THE RECORDS section start
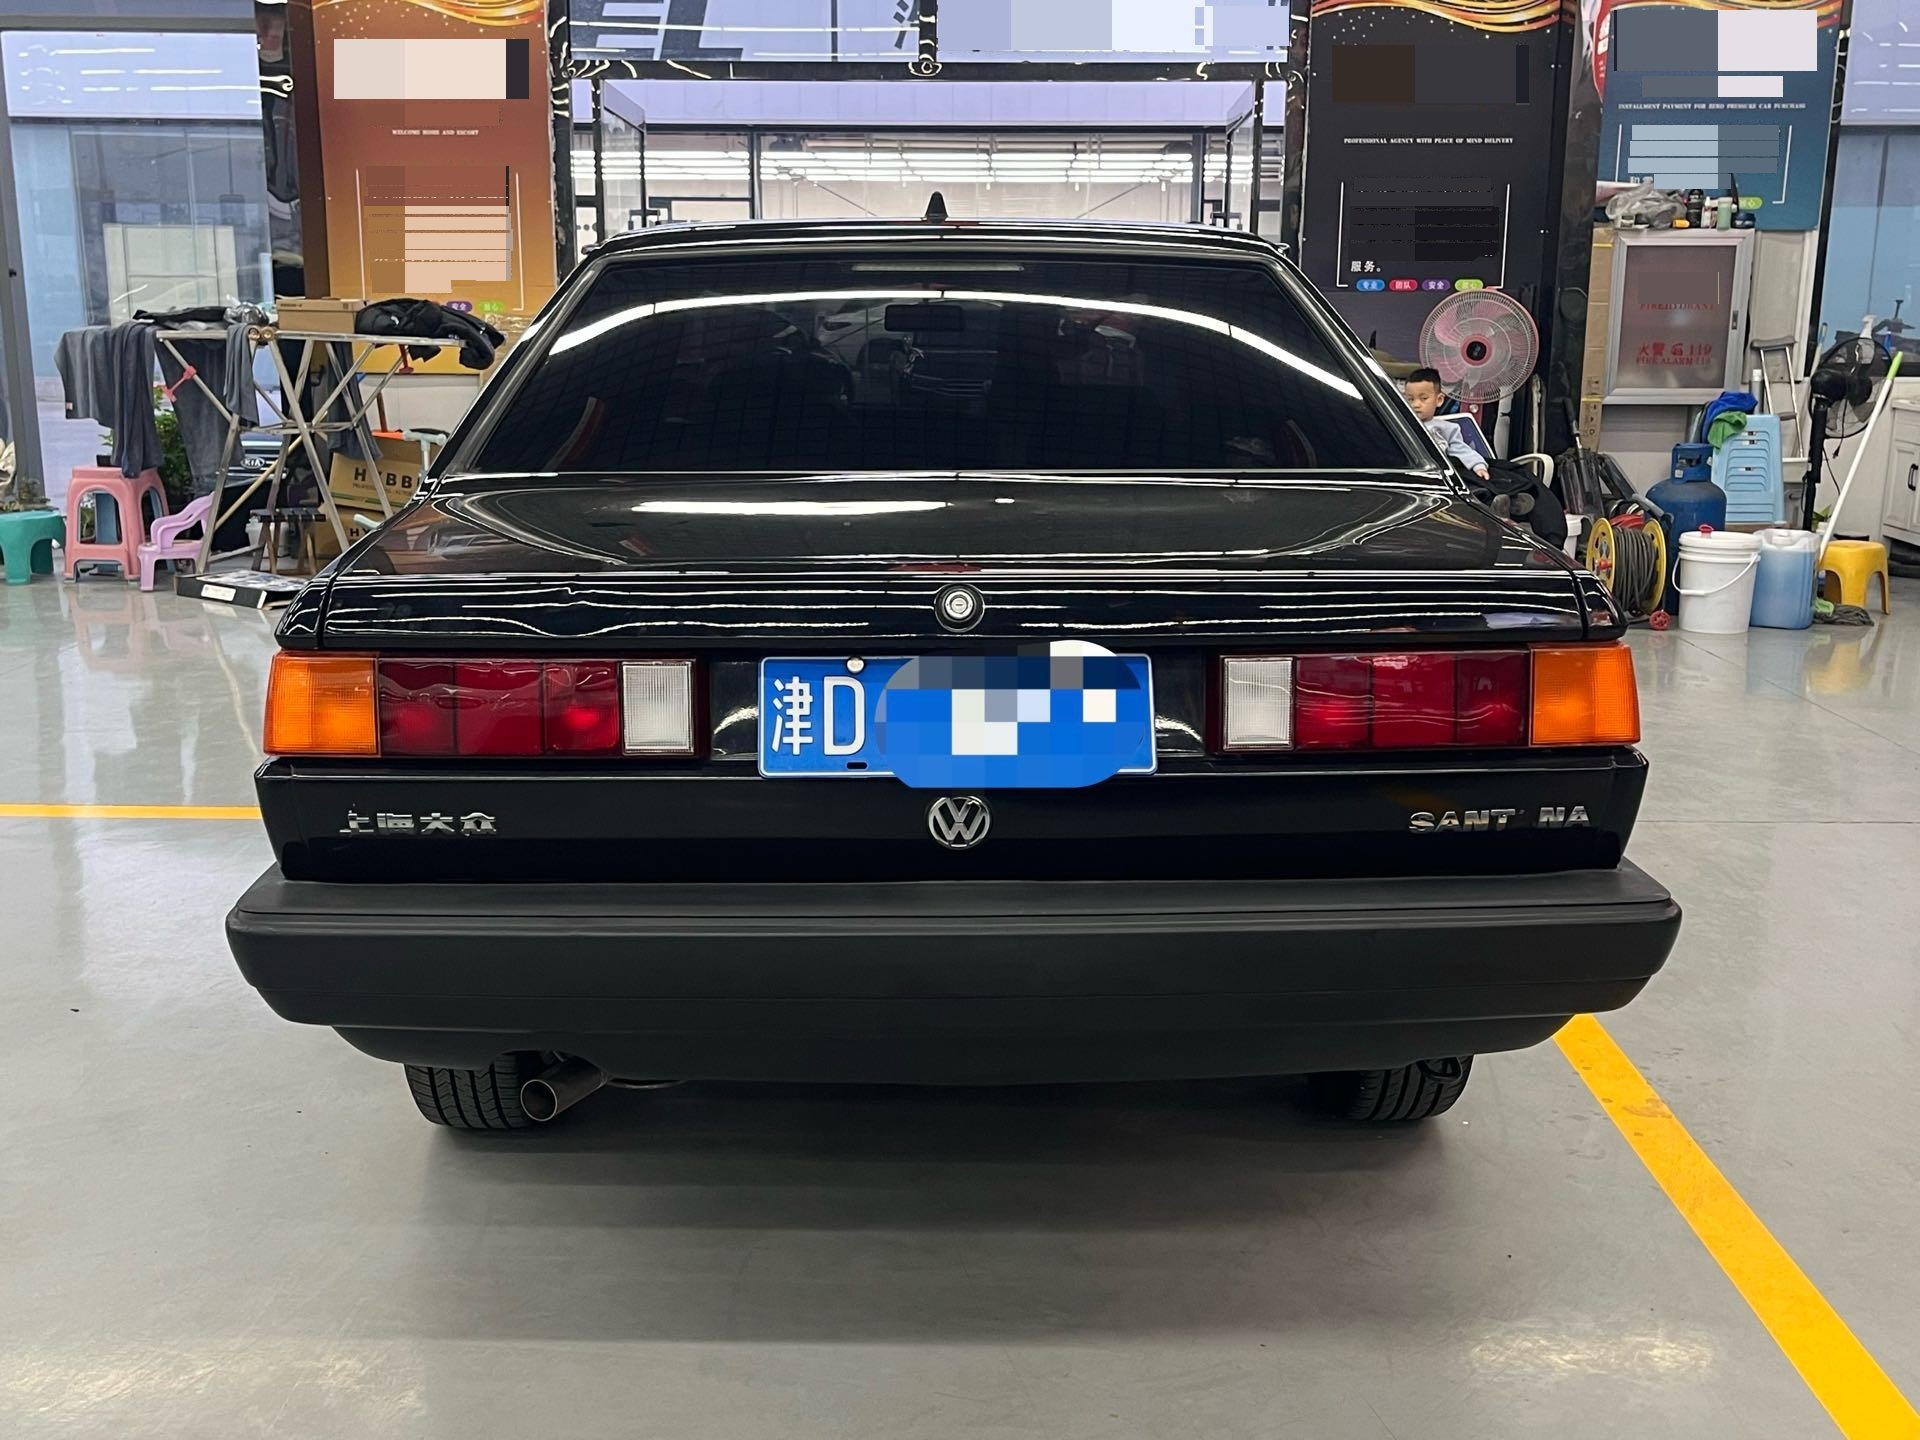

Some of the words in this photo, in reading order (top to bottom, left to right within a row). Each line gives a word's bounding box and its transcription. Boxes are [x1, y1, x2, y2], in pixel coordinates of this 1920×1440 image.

[1350, 261, 1381, 272] 服务。
[1395, 280, 1412, 290] 团队
[1428, 280, 1445, 290] 安全
[1690, 344, 1712, 356] 119
[339, 812, 497, 836] 上海大众
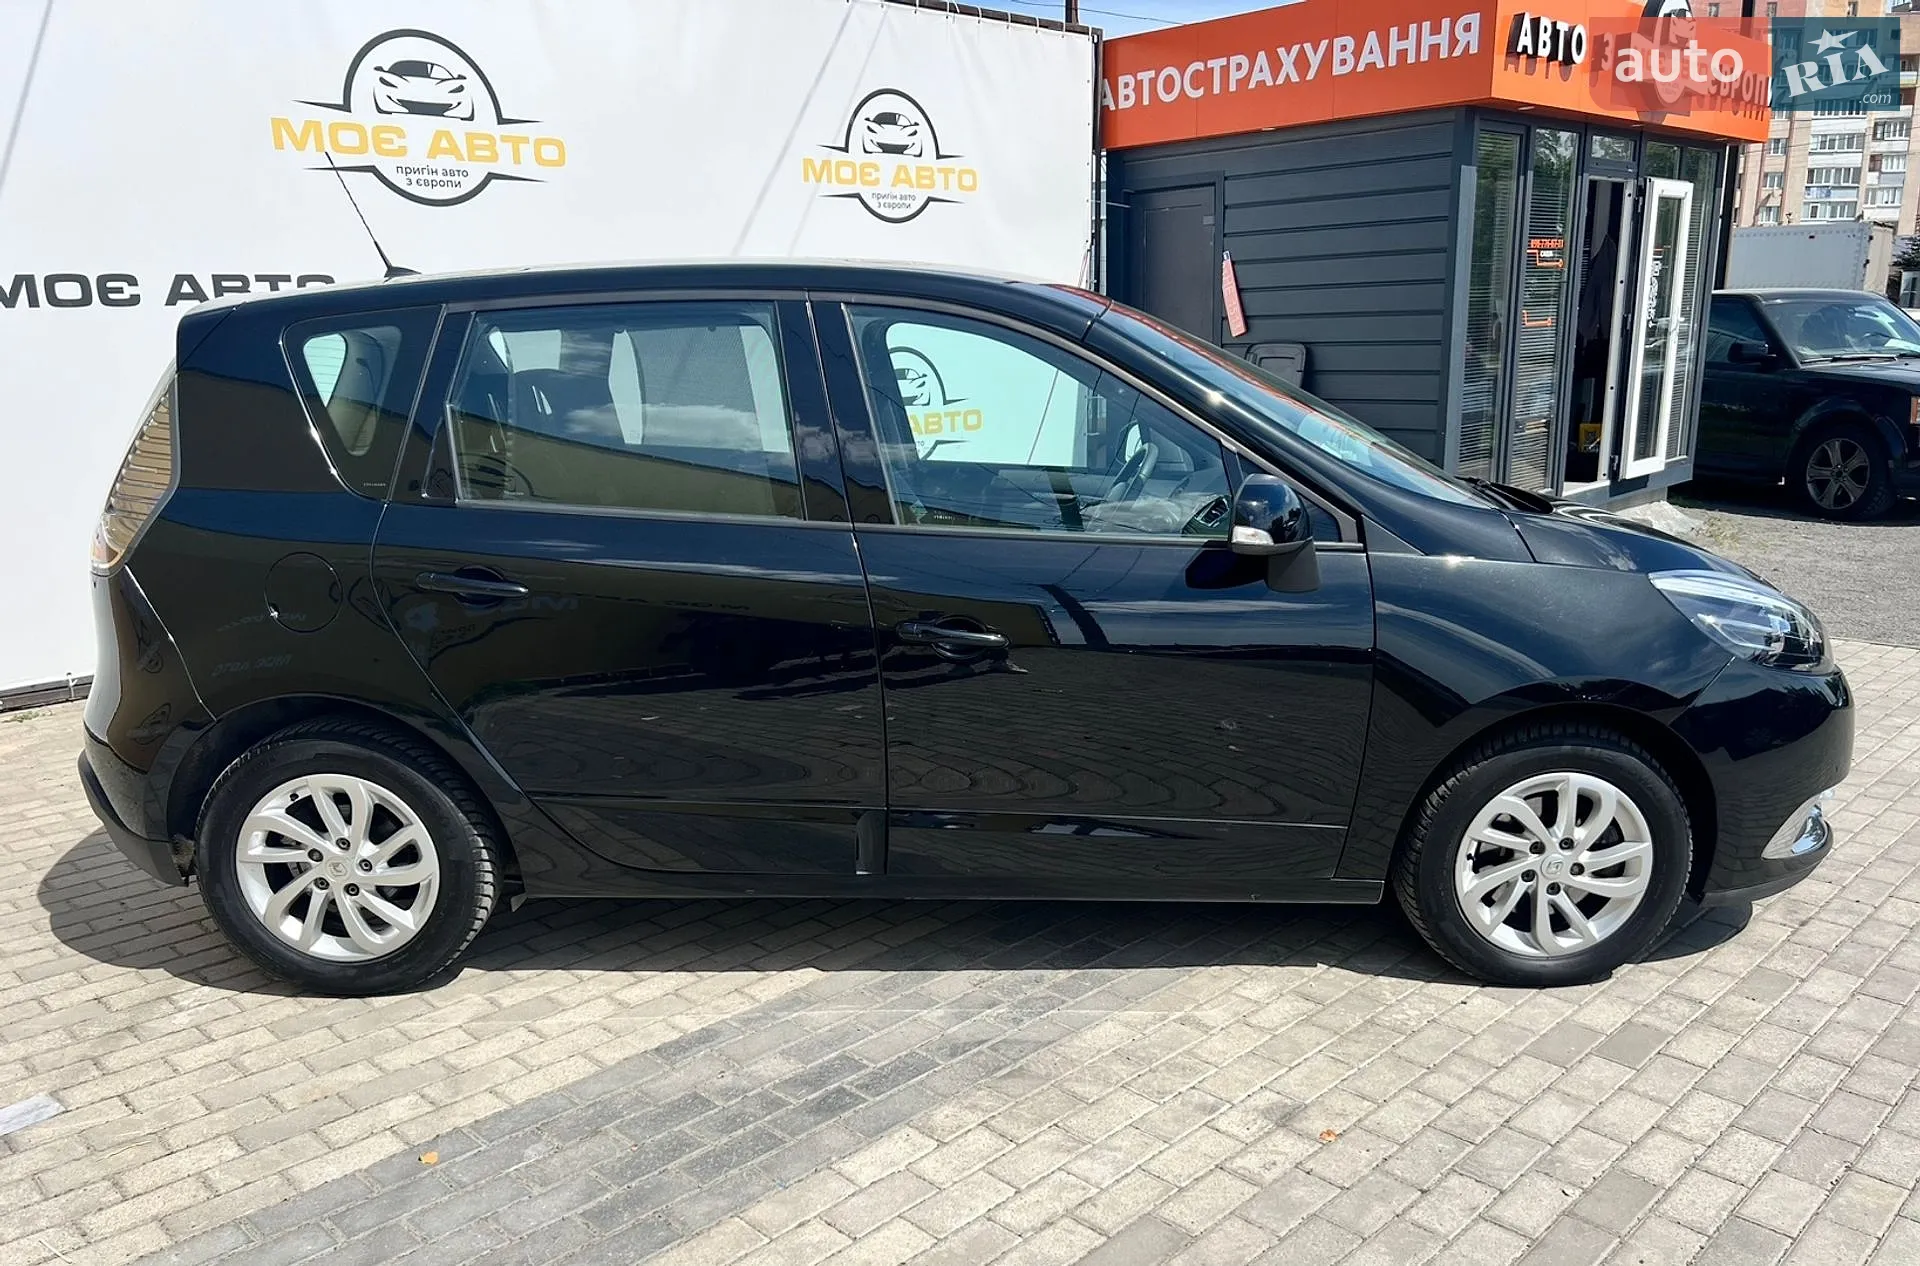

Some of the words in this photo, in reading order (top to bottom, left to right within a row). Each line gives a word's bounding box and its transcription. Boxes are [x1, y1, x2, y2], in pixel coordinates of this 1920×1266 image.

[1516, 11, 1587, 65] АВТО
[1101, 12, 1481, 111] АВТОСТРАХУВАННЯ
[270, 117, 408, 158] МОЄ
[426, 130, 567, 168] АВТО
[395, 165, 438, 176] пригін
[441, 168, 469, 178] авто
[416, 178, 462, 189] європи
[802, 157, 881, 187] МОЄ
[890, 164, 978, 192] АВТО
[899, 194, 917, 202] авто
[0, 273, 142, 309] МОЄ
THE RECORDS section end
#### EXERCISE GOAL:
An exact repetition of all the records above is required, excluding the pictures.

#### EXERCISE RESPONSE:
Some of the words in this photo, in reading order (top to bottom, left to right within a row). Each line gives a word's bounding box and its transcription. Boxes are [x1, y1, x2, y2], in pixel coordinates of this 1920×1440 image.

[1350, 261, 1381, 272] 服务。
[1395, 280, 1412, 290] 团队
[1428, 280, 1445, 290] 安全
[1690, 344, 1712, 356] 119
[339, 812, 497, 836] 上海大众

Some of the words in this photo, in reading order (top to bottom, left to right within a row). Each line gives a word's bounding box and its transcription. Boxes are [x1, y1, x2, y2], in pixel coordinates of this 1920×1266 image.

[1516, 11, 1587, 65] АВТО
[1101, 12, 1481, 111] АВТОСТРАХУВАННЯ
[270, 117, 408, 158] МОЄ
[426, 130, 567, 168] АВТО
[395, 165, 438, 176] пригін
[441, 168, 469, 178] авто
[416, 178, 462, 189] європи
[802, 157, 881, 187] МОЄ
[890, 164, 978, 192] АВТО
[899, 194, 917, 202] авто
[0, 273, 142, 309] МОЄ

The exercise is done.